Taner Berksoy’un bugünkü yazısı
Dünya gittikçe daha ilginç bir yer haline geliyor. Şu son sıralarda ortaya çıkan gelişmelere bakın. Yıllardır adeta dayatılarak bütün toplumların neredeyse toplumsal dokusuna işlenmiş olan küreselleşme, bugünlerde en babayiğit taraftarının dahi hışmına uğruyor. Küreselleşmeye dönük eleştirilerin gittikçe yaygınlaşıyor ve daha yüksek sesle dillendiriliyor olması bir yandan da “peki bunun yerine ne gelecek” sorusunu uyandırıyor. Son dönemdeki siyasi gelişmelere bakılacak olursa küreselleşmenin yerine adaylığını koymuş olan yeni siyaset popülizm. Başlarda popülist siyasetin önde gelen adayları Avrupa’dan geliyordu. Trump Başkan olduktan sonra ABD daha güçlü ve hevesli bir aday olarak ortaya çıkmış gibi görünüyor.

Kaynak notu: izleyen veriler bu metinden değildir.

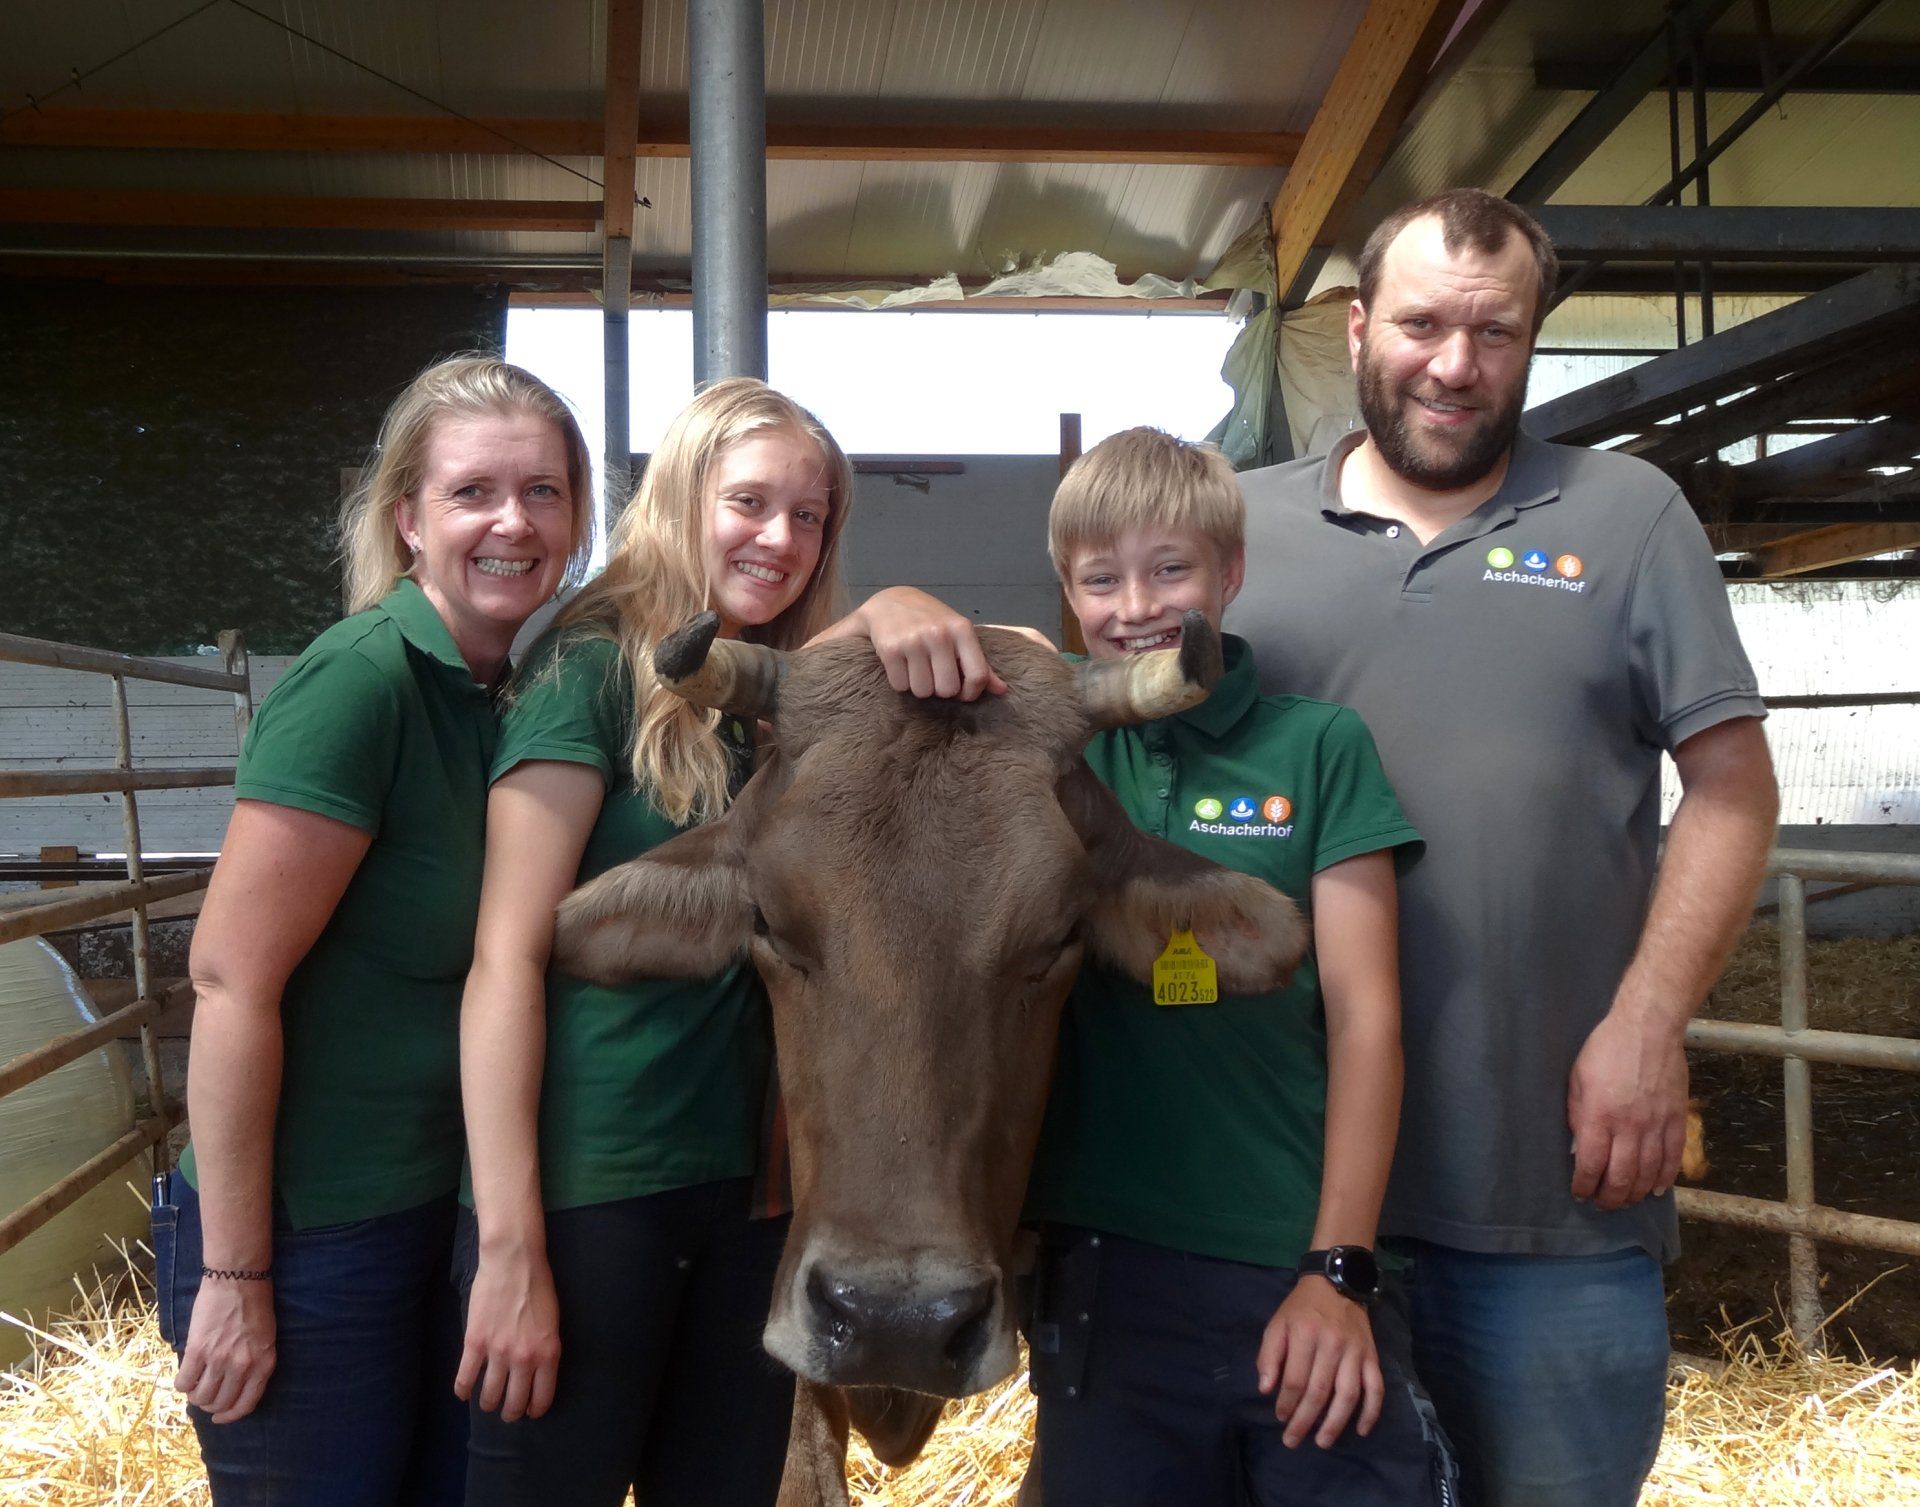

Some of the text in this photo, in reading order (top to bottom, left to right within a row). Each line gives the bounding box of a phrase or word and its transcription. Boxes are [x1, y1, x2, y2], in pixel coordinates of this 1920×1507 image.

[1482, 569, 1585, 592] Aschacherhof
[1189, 820, 1294, 838] Aschacherhof
[1157, 981, 1215, 1002] 4023 522

Trump seçim sürecini “daha güçlü bir Amerika” söylemiyle yürütmeye başlayınca işin rengi zaten belli olmuştu. Seçildikten sonra Başkan iki farklı yönde girişimler yapmaya başladı. Bir yandan daha çok zenginlerin kazançlarını arttıracak olan bir vergi indirimi uygulamasını başlattı. Bir yandan da ABD’nin haklarını ve çıkarlarını koruma söylemi altında uluslararası rakipler olarak tanımladığı ülkelere karşı bir tehdit ve korkutma atağını başlattı. Daha doğrusu böyle görünen, böyle takdim edilen bir müdahale hevesini ortalığa döktü.